Томас Враницки нервно сглотнул. По тому, какими глазами смотрел на него начальник полиции, он понял, что тот говорит всерьез.
— Что вы от меня хотите?
— Я хочу знать, где находится типография. Мы следим за вами уже давно… — Покачав головой, Гельмут продолжил: — Неразумно с вашей стороны появляться в одном и том же почтовом отделении по несколько раз за неделю, расплачиваясь при этом фальшивыми банкнотами. Так что вы на это скажете?
Томас подавленно молчал, сглатывая подступившую к горлу горечь. Предчувствие не обманули, худшее произошло. Ему следовало еще вчера вечером уехать в Монте-Карло. Разве мог он предположить утром, что всего лишь двухчасовая задержка может обернуться для него двадцатилетней каторгой?
— Если я расскажу… я могу рассчитывать на снисхождение? — глухо спросил Томас, поднимая на начальника полиции потухшие глаза.
— Разумеется… Мои слова тоже кое-что значат. Итак, где находится типография?
— На Кеттенштрассе, пятнадцать.
— Что это за дом?
— Это дом одного престарелого юнкера, я снимаю его уже полгода. Типография находится в подвале. Вместе со мной живет девушка…
— Что за девушка?
— Уверяю вас, она к этому делу не имеет никакого отношения!
— Как ее зовут?
— Феодосия.
— Когда вы с ней познакомились?
— Три месяца назад. Она считает, что я невероятно богат и что я отпрыск этого самого юнкера.
— Кто организатор вашей банды?
— Главным будет Вольфганг Берг. Но я не знаю, где он живет, — в отчаянии произнес Томас.
— Не будем терять время, едем к вам, — Вольф направился к выходу. — И повторяю, все будет зависеть от вашей откровенности!
* * *Наступившее утро не было похоже на предыдущее. Было в нем что-то роковое, не поддающееся описанию.

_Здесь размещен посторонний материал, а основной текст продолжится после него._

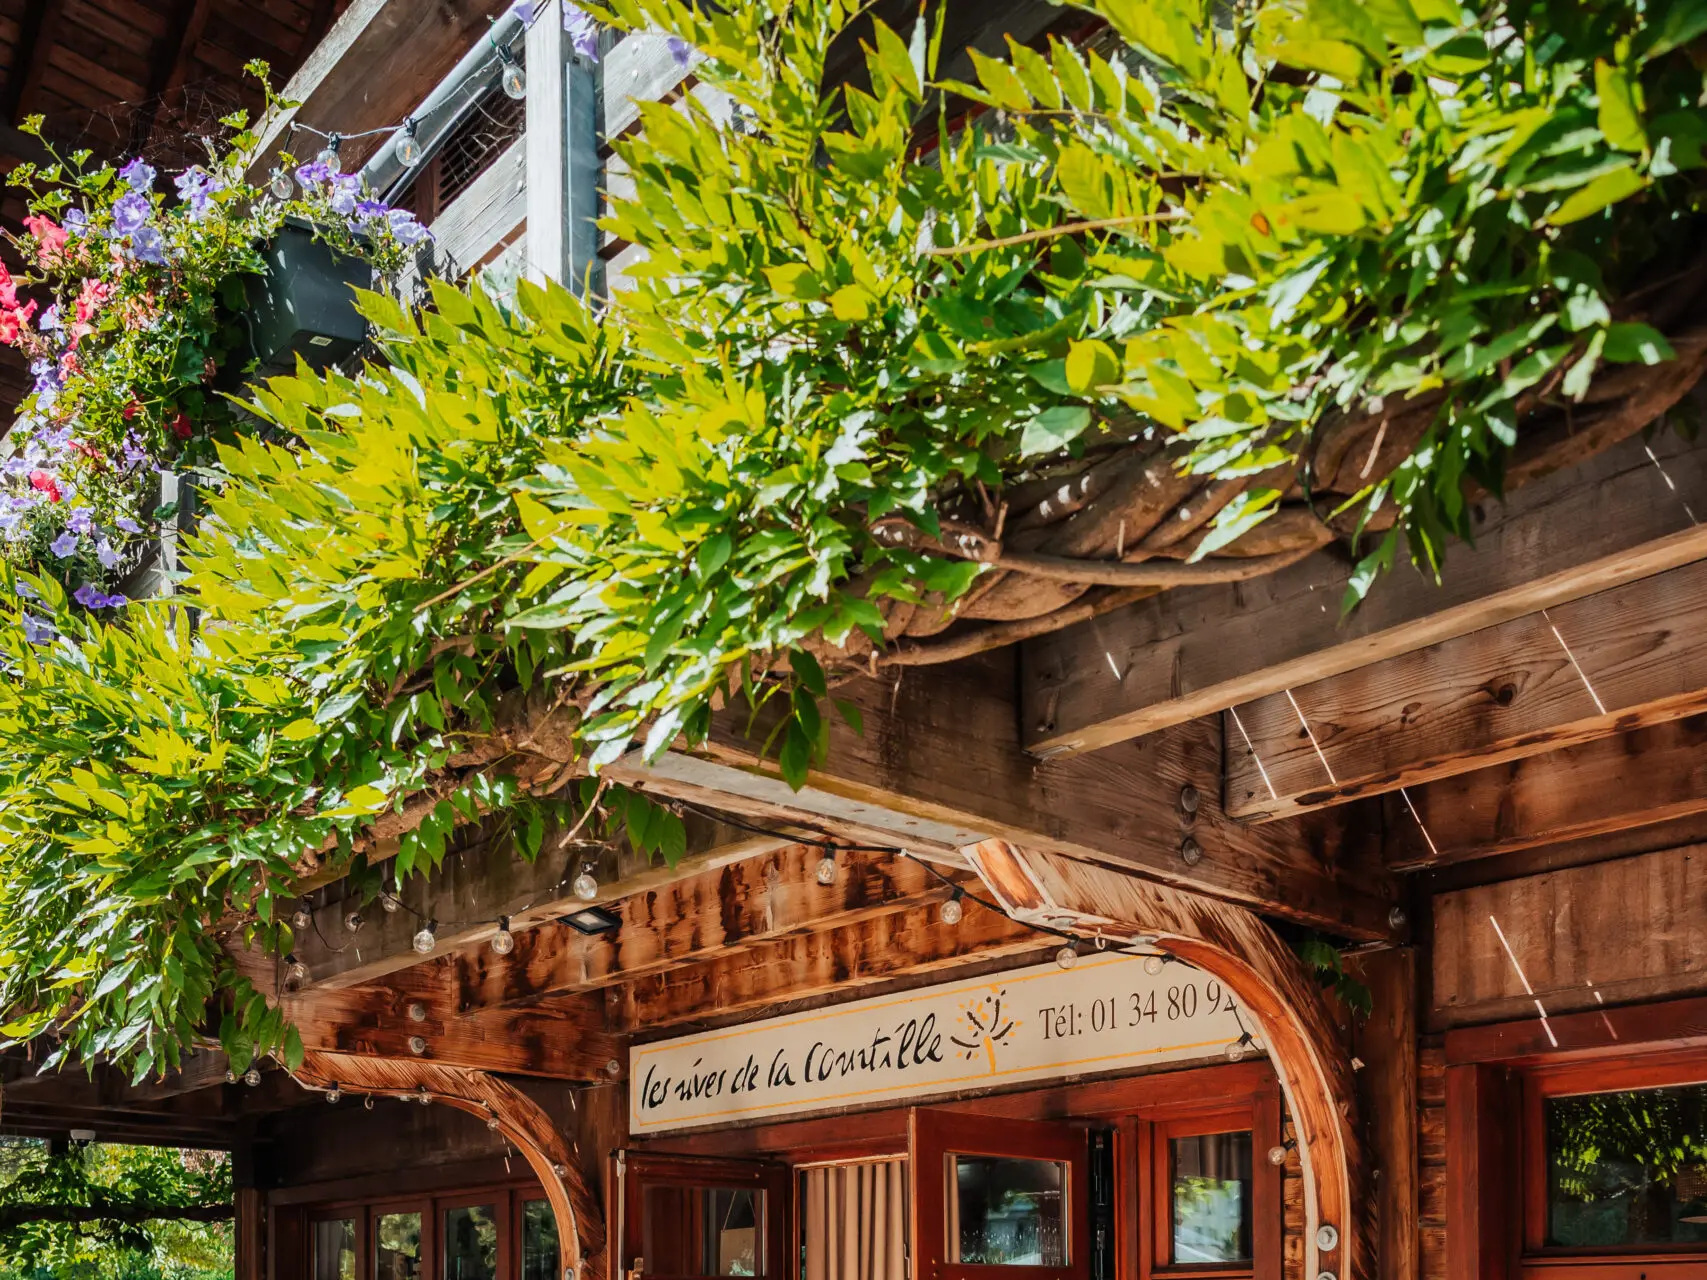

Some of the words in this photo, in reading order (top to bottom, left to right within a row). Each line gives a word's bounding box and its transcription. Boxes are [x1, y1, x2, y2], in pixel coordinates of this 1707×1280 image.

Феодосия подошла к окну и увидела, как Томас разместился на одноколке и, взмахнув вожжами, выехал на мостовую. Всякий раз, покидая дом, он непременно смотрел в окно, ловя ее глаза взглядом, и, махнув рукой в ответ, уезжал прочь. В этот раз все выглядело по-другому. Девушку охватила неосознанная тревога — походило на то, что он и не думает возвращаться! Обменяет банкноты на казначейские билеты и съедет в свой любимый Монте-Карло… Леонид Варнаховский предупреждал о подобном исходе, но Феодосия никак не предполагала, что это может произойти столь скоро.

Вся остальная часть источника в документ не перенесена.